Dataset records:
- - - -

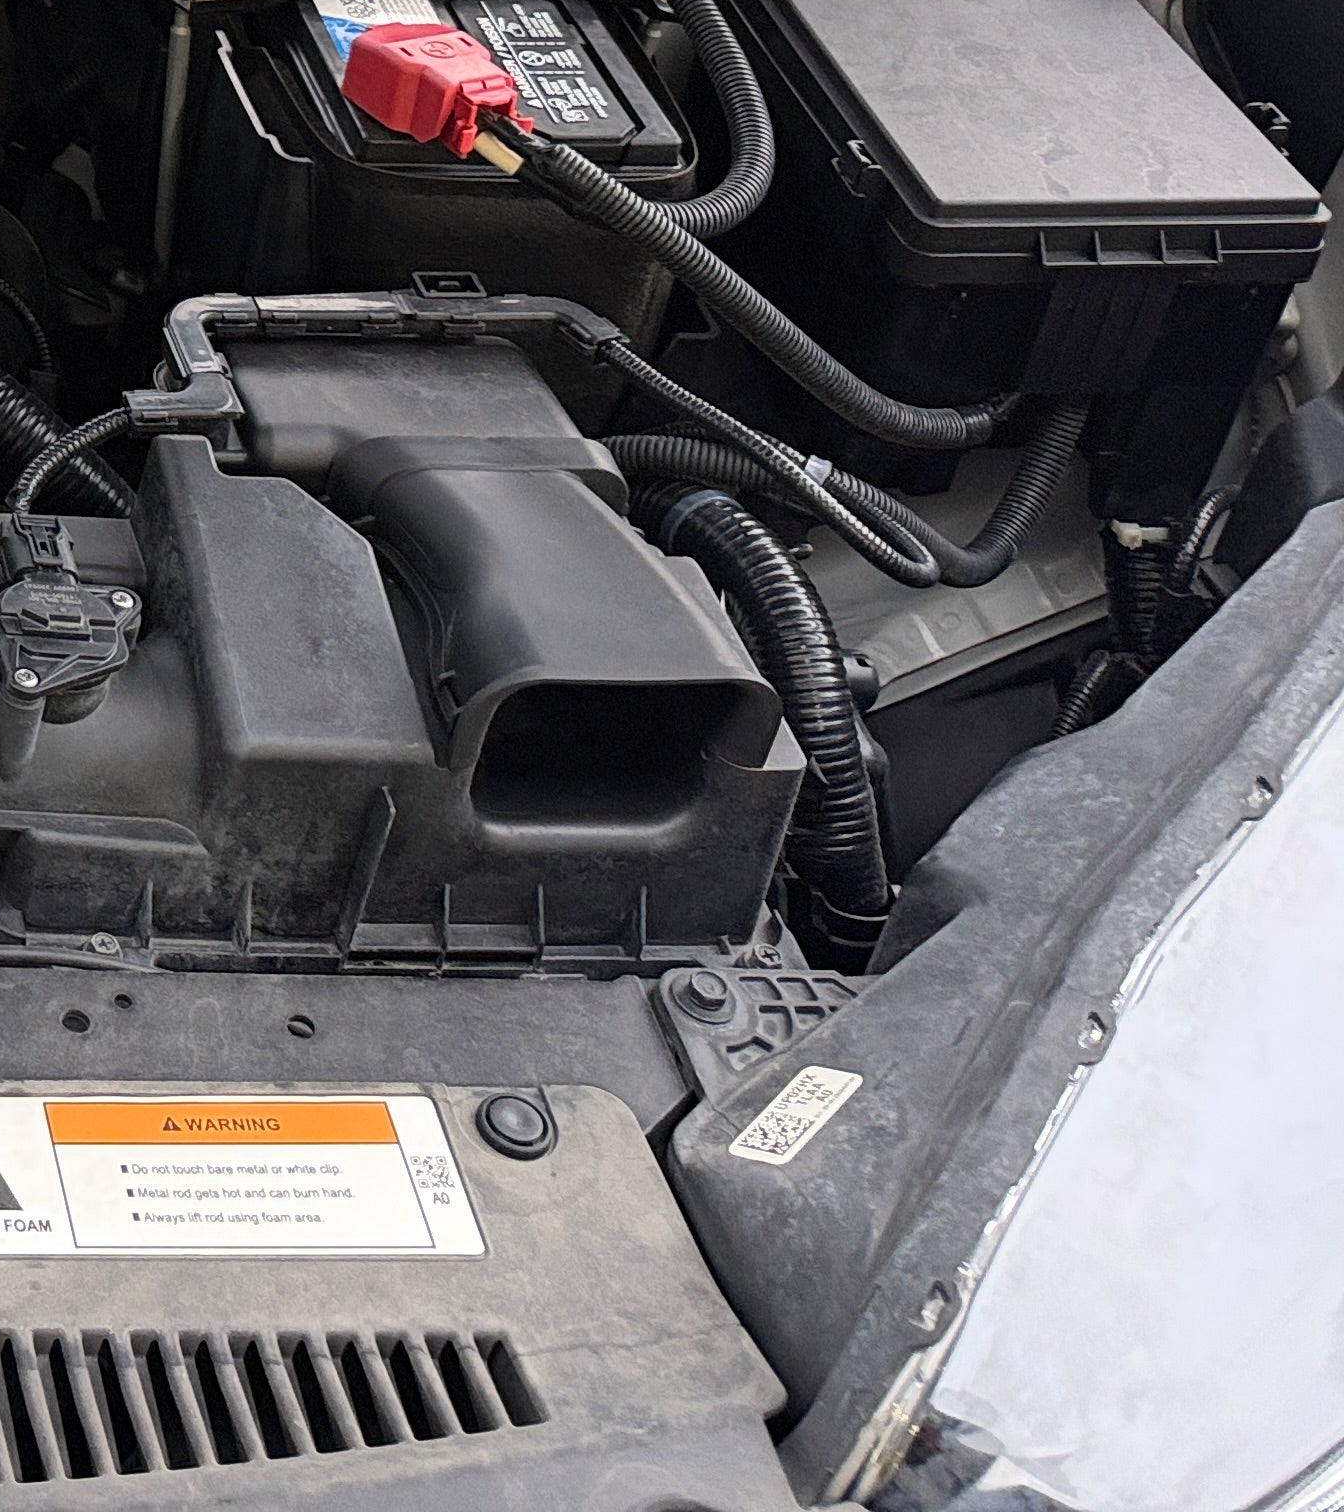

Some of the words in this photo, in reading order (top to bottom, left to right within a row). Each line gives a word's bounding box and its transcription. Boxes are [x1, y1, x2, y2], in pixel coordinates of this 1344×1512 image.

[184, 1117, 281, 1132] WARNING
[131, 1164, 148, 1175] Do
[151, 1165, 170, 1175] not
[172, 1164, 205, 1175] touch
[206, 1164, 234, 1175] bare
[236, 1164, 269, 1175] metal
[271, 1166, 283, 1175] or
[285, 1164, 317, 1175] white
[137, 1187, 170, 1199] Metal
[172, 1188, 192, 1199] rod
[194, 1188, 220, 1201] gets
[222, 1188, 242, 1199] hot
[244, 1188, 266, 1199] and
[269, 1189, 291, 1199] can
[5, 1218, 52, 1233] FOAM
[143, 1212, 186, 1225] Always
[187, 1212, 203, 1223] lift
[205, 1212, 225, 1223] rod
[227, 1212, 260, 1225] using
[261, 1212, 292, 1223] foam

- - - -

What is expected> Print the entries above word for word, without pictures.

Task output>
Some of the words in this photo, in reading order (top to bottom, left to right within a row). Each line gives a word's bounding box and its transcription. Boxes are [x1, y1, x2, y2], in pixel coordinates of this 1344×1512 image.

[184, 1117, 281, 1132] WARNING
[131, 1164, 148, 1175] Do
[151, 1165, 170, 1175] not
[172, 1164, 205, 1175] touch
[206, 1164, 234, 1175] bare
[236, 1164, 269, 1175] metal
[271, 1166, 283, 1175] or
[285, 1164, 317, 1175] white
[137, 1187, 170, 1199] Metal
[172, 1188, 192, 1199] rod
[194, 1188, 220, 1201] gets
[222, 1188, 242, 1199] hot
[244, 1188, 266, 1199] and
[269, 1189, 291, 1199] can
[5, 1218, 52, 1233] FOAM
[143, 1212, 186, 1225] Always
[187, 1212, 203, 1223] lift
[205, 1212, 225, 1223] rod
[227, 1212, 260, 1225] using
[261, 1212, 292, 1223] foam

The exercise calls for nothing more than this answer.